Task description: Every record below should be printed exactly, except for the pictures.

--- Given records ---

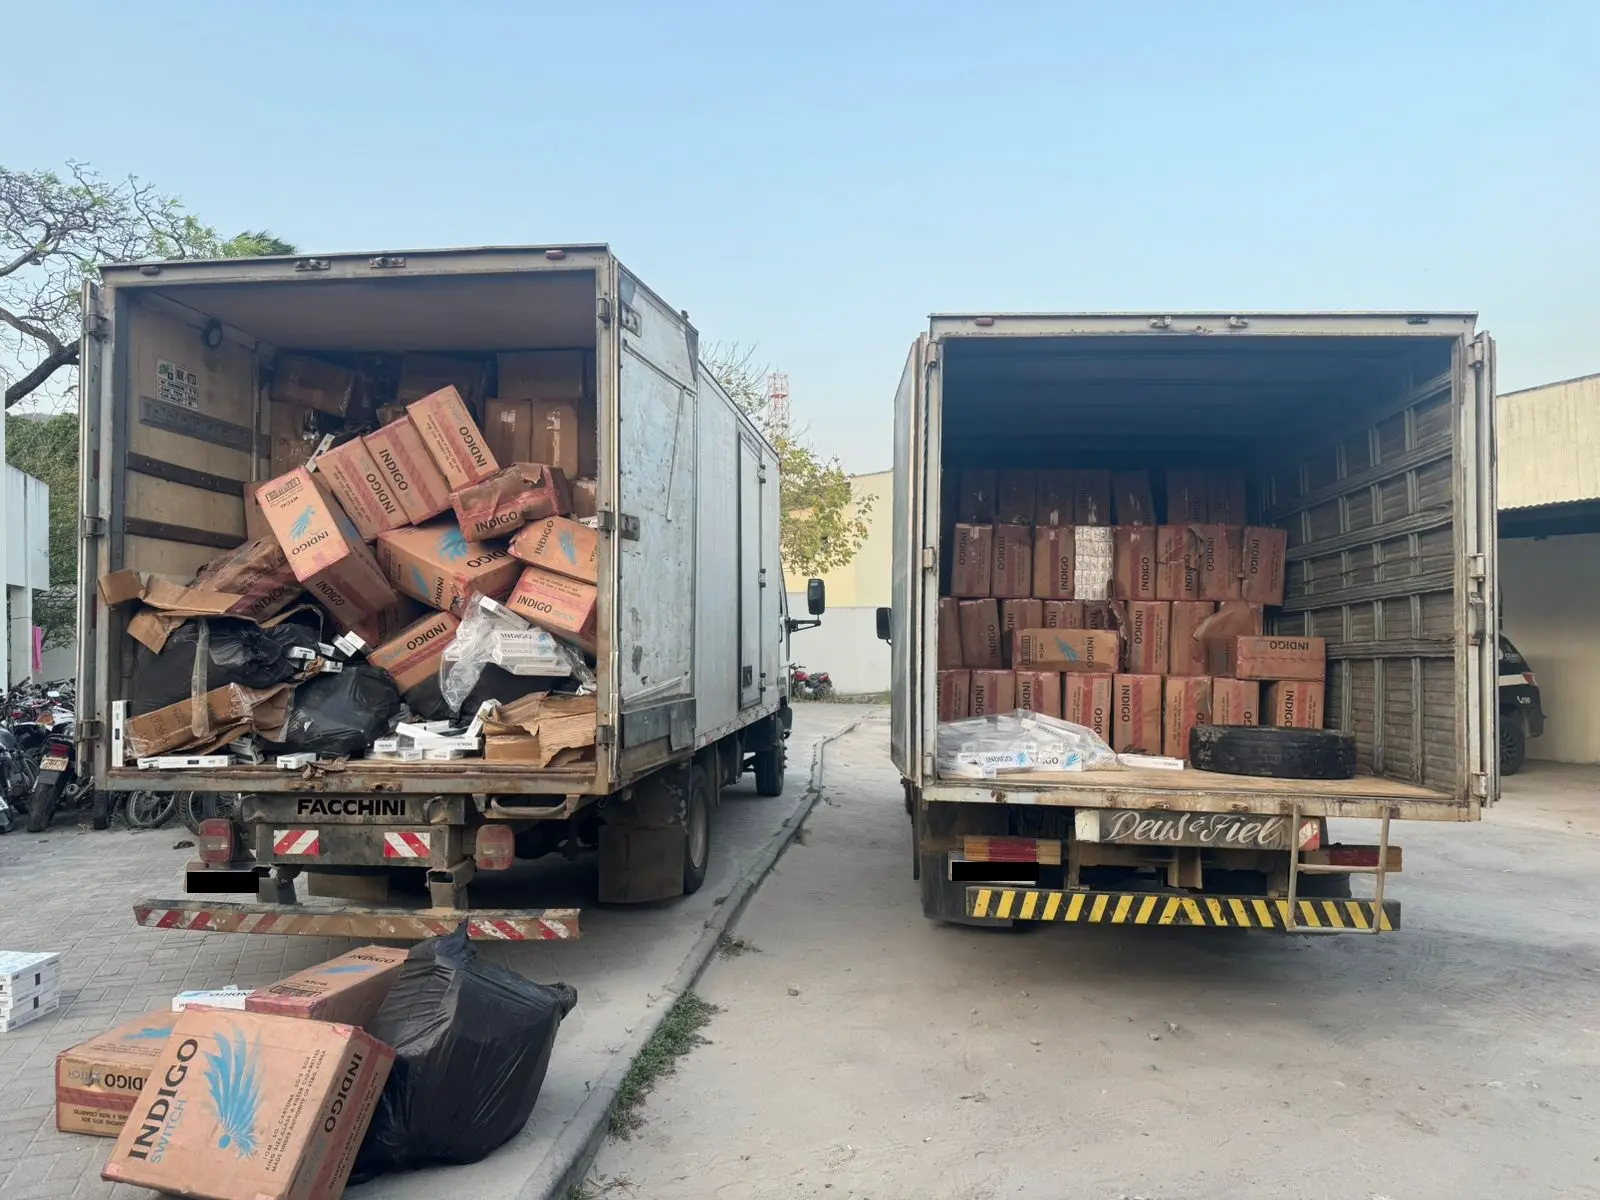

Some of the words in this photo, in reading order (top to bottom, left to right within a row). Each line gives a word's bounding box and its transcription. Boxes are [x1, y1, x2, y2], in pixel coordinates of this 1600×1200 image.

[458, 426, 487, 467] INDIGO
[379, 449, 408, 491] INDIGO
[366, 473, 396, 514] INDIGO
[475, 511, 518, 532] INDIGO
[535, 520, 554, 555] INDIGO
[292, 531, 328, 555] INDIGO
[467, 550, 507, 568] DIGO
[1207, 538, 1215, 572] INDIGO
[1250, 540, 1260, 574] INDIGO
[1142, 557, 1150, 591] INDIGO
[316, 581, 344, 606] INDIGO
[517, 595, 552, 613] INDIGO
[407, 622, 448, 650] INDIGO
[1134, 610, 1142, 644] INDIGO
[1270, 640, 1308, 650] INDIGO
[976, 686, 984, 717] INDIG
[1022, 682, 1032, 710] INDIG
[1122, 685, 1130, 722] INDIGO
[1094, 708, 1102, 737] DIGO
[298, 799, 406, 816] FACCHINI
[1104, 811, 1190, 841] Deus
[1200, 814, 1285, 844] Fiel
[350, 954, 396, 964] INDIGO
[104, 1074, 146, 1090] DIGO
[324, 1052, 362, 1133] INDIGO
[128, 1038, 198, 1160] INDIGO
[150, 1098, 187, 1163] SWITCH
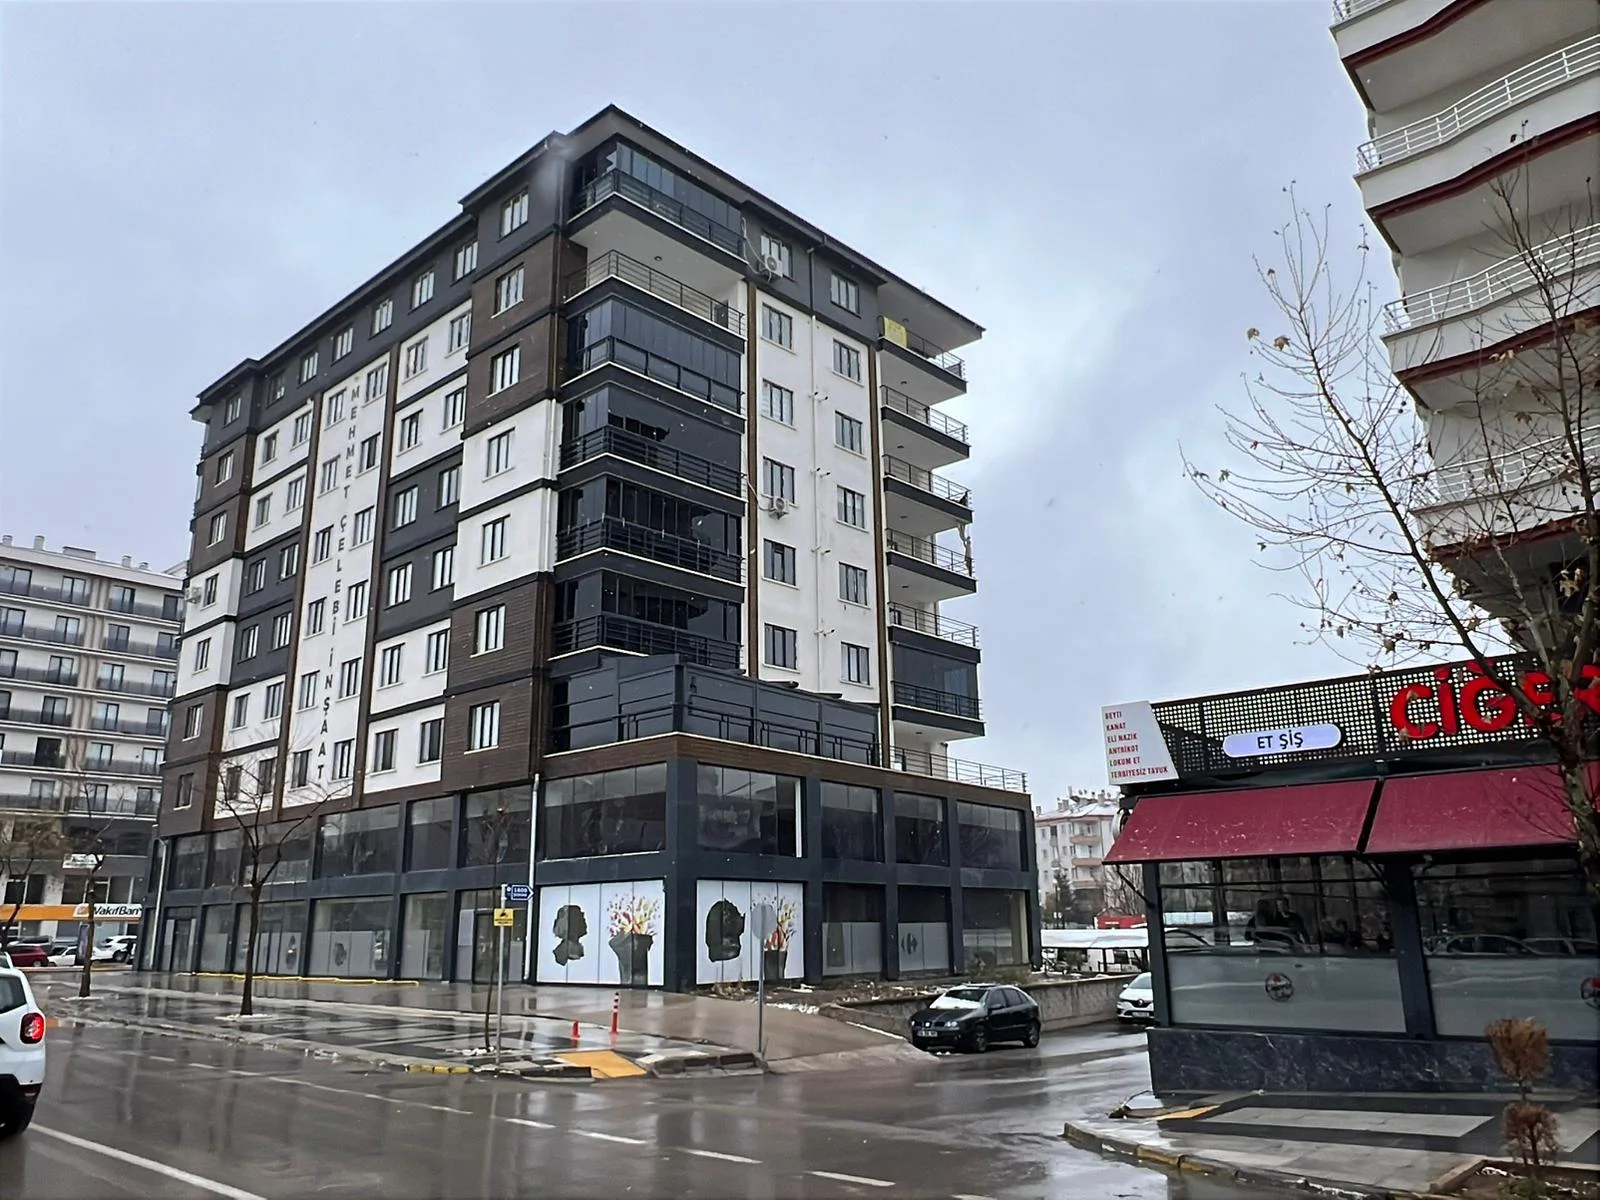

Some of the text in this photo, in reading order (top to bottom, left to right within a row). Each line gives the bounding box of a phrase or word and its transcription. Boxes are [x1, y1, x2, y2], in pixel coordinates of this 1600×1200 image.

[317, 386, 360, 780] MEHMET ÇELEBİ İNŞAAT
[1257, 729, 1304, 750] ET ŞİŞ
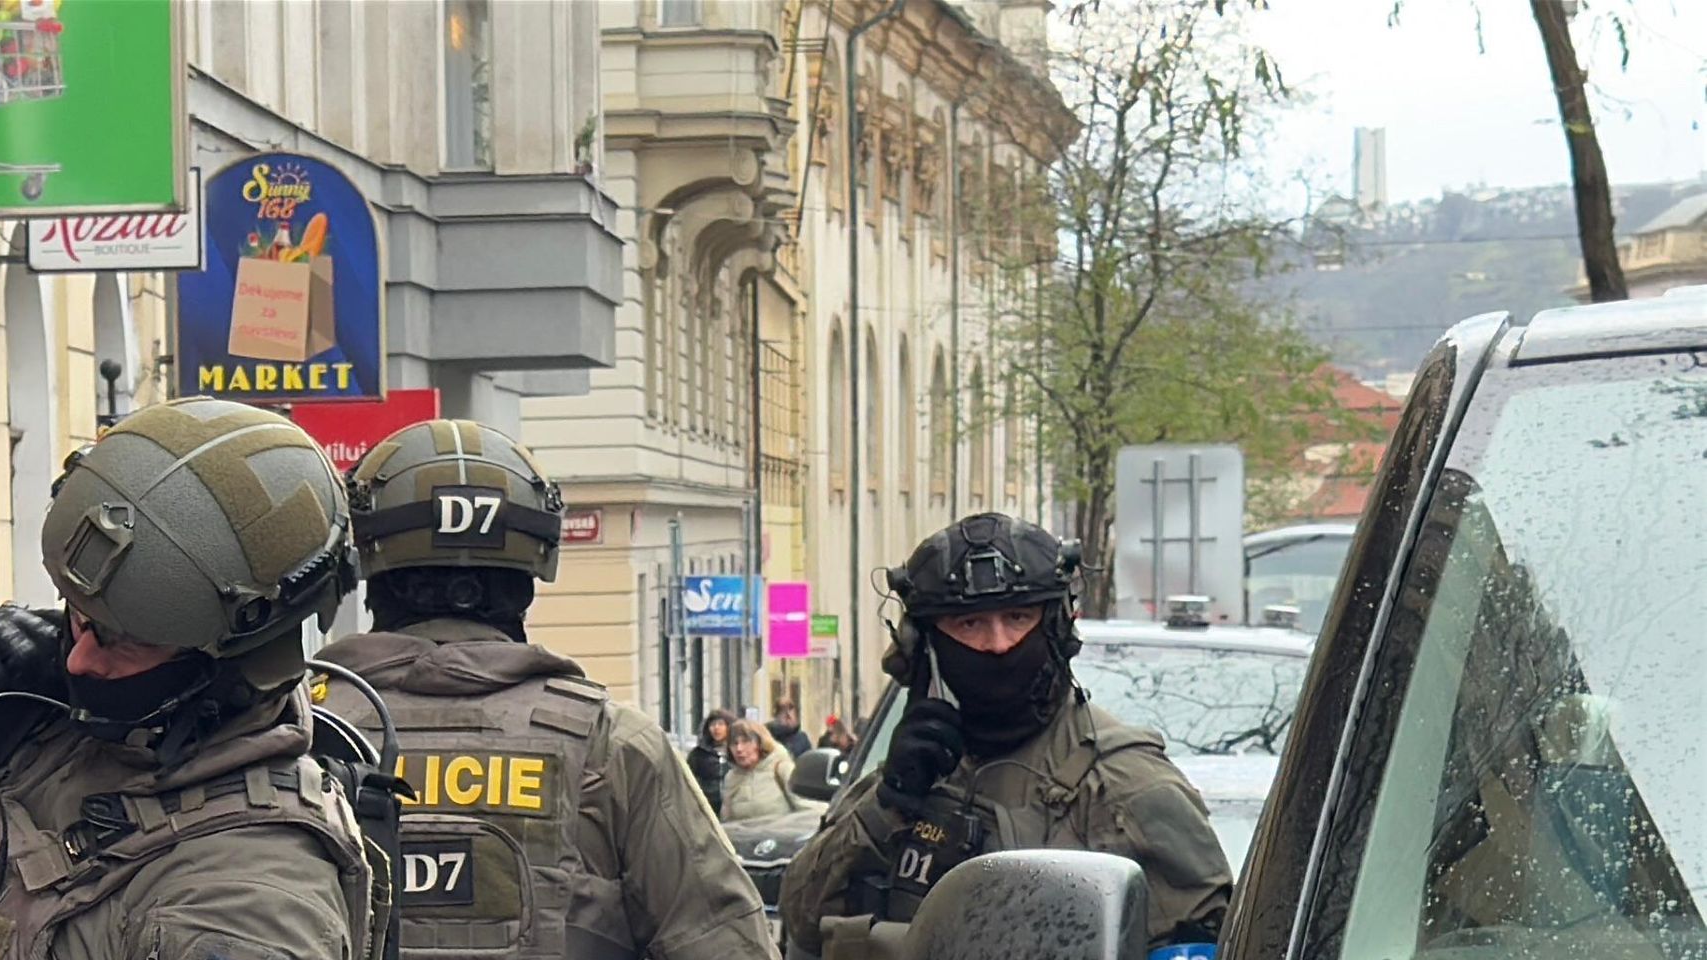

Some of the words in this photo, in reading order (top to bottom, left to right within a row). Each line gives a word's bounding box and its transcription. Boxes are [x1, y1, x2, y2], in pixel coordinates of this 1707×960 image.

---

Response:
Some of the words in this photo, in reading order (top to bottom, left to right within a row). Each line gives a word's bounding box and its transcription. Boxes are [x1, y1, x2, y2], in pixel coordinates of this 1600×1200 image.

[458, 426, 487, 467] INDIGO
[379, 449, 408, 491] INDIGO
[366, 473, 396, 514] INDIGO
[475, 511, 518, 532] INDIGO
[535, 520, 554, 555] INDIGO
[292, 531, 328, 555] INDIGO
[467, 550, 507, 568] DIGO
[1207, 538, 1215, 572] INDIGO
[1250, 540, 1260, 574] INDIGO
[1142, 557, 1150, 591] INDIGO
[316, 581, 344, 606] INDIGO
[517, 595, 552, 613] INDIGO
[407, 622, 448, 650] INDIGO
[1134, 610, 1142, 644] INDIGO
[1270, 640, 1308, 650] INDIGO
[976, 686, 984, 717] INDIG
[1022, 682, 1032, 710] INDIG
[1122, 685, 1130, 722] INDIGO
[1094, 708, 1102, 737] DIGO
[298, 799, 406, 816] FACCHINI
[1104, 811, 1190, 841] Deus
[1200, 814, 1285, 844] Fiel
[350, 954, 396, 964] INDIGO
[104, 1074, 146, 1090] DIGO
[324, 1052, 362, 1133] INDIGO
[128, 1038, 198, 1160] INDIGO
[150, 1098, 187, 1163] SWITCH

Some of the text in this photo, in reading order (top to bottom, left to right within a row). Each line gives the bounding box of a phrase or word and its transcription. Boxes are [x1, y1, x2, y2], in pixel coordinates of this 1600×1200 image.

[317, 386, 360, 780] MEHMET ÇELEBİ İNŞAAT
[1257, 729, 1304, 750] ET ŞİŞ

Some of the words in this photo, in reading order (top to bottom, left to right within a row). Each line gives a word's bounding box and its transcription. Boxes are [x1, y1, x2, y2], in pixel coordinates of this 1707×960 image.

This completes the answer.